# REQUIRED WORK
All of the records should be given again exactly as they appear.

(PROVIDED INFORMATION begins)

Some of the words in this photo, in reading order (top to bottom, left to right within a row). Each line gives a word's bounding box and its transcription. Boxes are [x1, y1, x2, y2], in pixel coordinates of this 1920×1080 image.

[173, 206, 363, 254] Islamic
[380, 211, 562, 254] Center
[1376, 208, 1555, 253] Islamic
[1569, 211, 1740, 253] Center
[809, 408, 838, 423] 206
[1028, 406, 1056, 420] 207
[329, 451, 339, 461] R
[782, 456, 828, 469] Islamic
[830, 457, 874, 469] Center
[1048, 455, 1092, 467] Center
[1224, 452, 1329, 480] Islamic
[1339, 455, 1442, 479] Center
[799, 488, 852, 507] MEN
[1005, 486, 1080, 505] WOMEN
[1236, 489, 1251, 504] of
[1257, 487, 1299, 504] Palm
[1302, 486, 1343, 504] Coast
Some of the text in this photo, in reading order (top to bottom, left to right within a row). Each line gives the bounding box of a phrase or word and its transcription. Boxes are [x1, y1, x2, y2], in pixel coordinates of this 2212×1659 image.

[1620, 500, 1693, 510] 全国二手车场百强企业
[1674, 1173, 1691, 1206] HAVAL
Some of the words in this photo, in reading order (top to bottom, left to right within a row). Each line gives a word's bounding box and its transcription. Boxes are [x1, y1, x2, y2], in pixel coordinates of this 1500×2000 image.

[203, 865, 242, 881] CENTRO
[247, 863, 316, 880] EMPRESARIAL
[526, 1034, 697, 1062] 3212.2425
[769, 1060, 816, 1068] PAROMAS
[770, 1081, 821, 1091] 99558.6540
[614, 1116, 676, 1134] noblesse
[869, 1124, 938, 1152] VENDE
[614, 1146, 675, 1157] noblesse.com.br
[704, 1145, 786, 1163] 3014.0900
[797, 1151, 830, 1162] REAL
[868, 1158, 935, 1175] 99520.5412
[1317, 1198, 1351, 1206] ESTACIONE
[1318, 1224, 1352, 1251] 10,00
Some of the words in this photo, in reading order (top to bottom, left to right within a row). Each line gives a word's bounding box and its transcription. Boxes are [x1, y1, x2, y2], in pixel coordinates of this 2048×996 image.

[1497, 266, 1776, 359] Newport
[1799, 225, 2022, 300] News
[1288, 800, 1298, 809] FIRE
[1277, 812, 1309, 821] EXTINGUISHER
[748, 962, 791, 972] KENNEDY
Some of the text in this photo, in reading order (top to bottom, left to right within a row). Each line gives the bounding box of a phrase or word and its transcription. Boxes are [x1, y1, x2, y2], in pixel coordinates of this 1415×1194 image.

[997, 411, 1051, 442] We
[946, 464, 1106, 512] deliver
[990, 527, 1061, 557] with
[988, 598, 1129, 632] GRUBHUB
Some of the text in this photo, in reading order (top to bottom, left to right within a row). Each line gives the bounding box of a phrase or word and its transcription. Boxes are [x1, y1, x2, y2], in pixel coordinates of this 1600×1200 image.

(PROVIDED INFORMATION ends)

# RESPONSE TO THE TASK
Some of the words in this photo, in reading order (top to bottom, left to right within a row). Each line gives a word's bounding box and its transcription. Boxes are [x1, y1, x2, y2], in pixel coordinates of this 1920×1080 image.

[173, 206, 363, 254] Islamic
[380, 211, 562, 254] Center
[1376, 208, 1555, 253] Islamic
[1569, 211, 1740, 253] Center
[809, 408, 838, 423] 206
[1028, 406, 1056, 420] 207
[329, 451, 339, 461] R
[782, 456, 828, 469] Islamic
[830, 457, 874, 469] Center
[1048, 455, 1092, 467] Center
[1224, 452, 1329, 480] Islamic
[1339, 455, 1442, 479] Center
[799, 488, 852, 507] MEN
[1005, 486, 1080, 505] WOMEN
[1236, 489, 1251, 504] of
[1257, 487, 1299, 504] Palm
[1302, 486, 1343, 504] Coast
Some of the text in this photo, in reading order (top to bottom, left to right within a row). Each line gives the bounding box of a phrase or word and its transcription. Boxes are [x1, y1, x2, y2], in pixel coordinates of this 2212×1659 image.

[1620, 500, 1693, 510] 全国二手车场百强企业
[1674, 1173, 1691, 1206] HAVAL
Some of the words in this photo, in reading order (top to bottom, left to right within a row). Each line gives a word's bounding box and its transcription. Boxes are [x1, y1, x2, y2], in pixel coordinates of this 1500×2000 image.

[203, 865, 242, 881] CENTRO
[247, 863, 316, 880] EMPRESARIAL
[526, 1034, 697, 1062] 3212.2425
[769, 1060, 816, 1068] PAROMAS
[770, 1081, 821, 1091] 99558.6540
[614, 1116, 676, 1134] noblesse
[869, 1124, 938, 1152] VENDE
[614, 1146, 675, 1157] noblesse.com.br
[704, 1145, 786, 1163] 3014.0900
[797, 1151, 830, 1162] REAL
[868, 1158, 935, 1175] 99520.5412
[1317, 1198, 1351, 1206] ESTACIONE
[1318, 1224, 1352, 1251] 10,00
Some of the words in this photo, in reading order (top to bottom, left to right within a row). Each line gives a word's bounding box and its transcription. Boxes are [x1, y1, x2, y2], in pixel coordinates of this 2048×996 image.

[1497, 266, 1776, 359] Newport
[1799, 225, 2022, 300] News
[1288, 800, 1298, 809] FIRE
[1277, 812, 1309, 821] EXTINGUISHER
[748, 962, 791, 972] KENNEDY
Some of the text in this photo, in reading order (top to bottom, left to right within a row). Each line gives the bounding box of a phrase or word and its transcription. Boxes are [x1, y1, x2, y2], in pixel coordinates of this 1415×1194 image.

[997, 411, 1051, 442] We
[946, 464, 1106, 512] deliver
[990, 527, 1061, 557] with
[988, 598, 1129, 632] GRUBHUB
Some of the text in this photo, in reading order (top to bottom, left to right within a row). Each line gives the bounding box of a phrase or word and its transcription. Boxes are [x1, y1, x2, y2], in pixel coordinates of this 1600×1200 image.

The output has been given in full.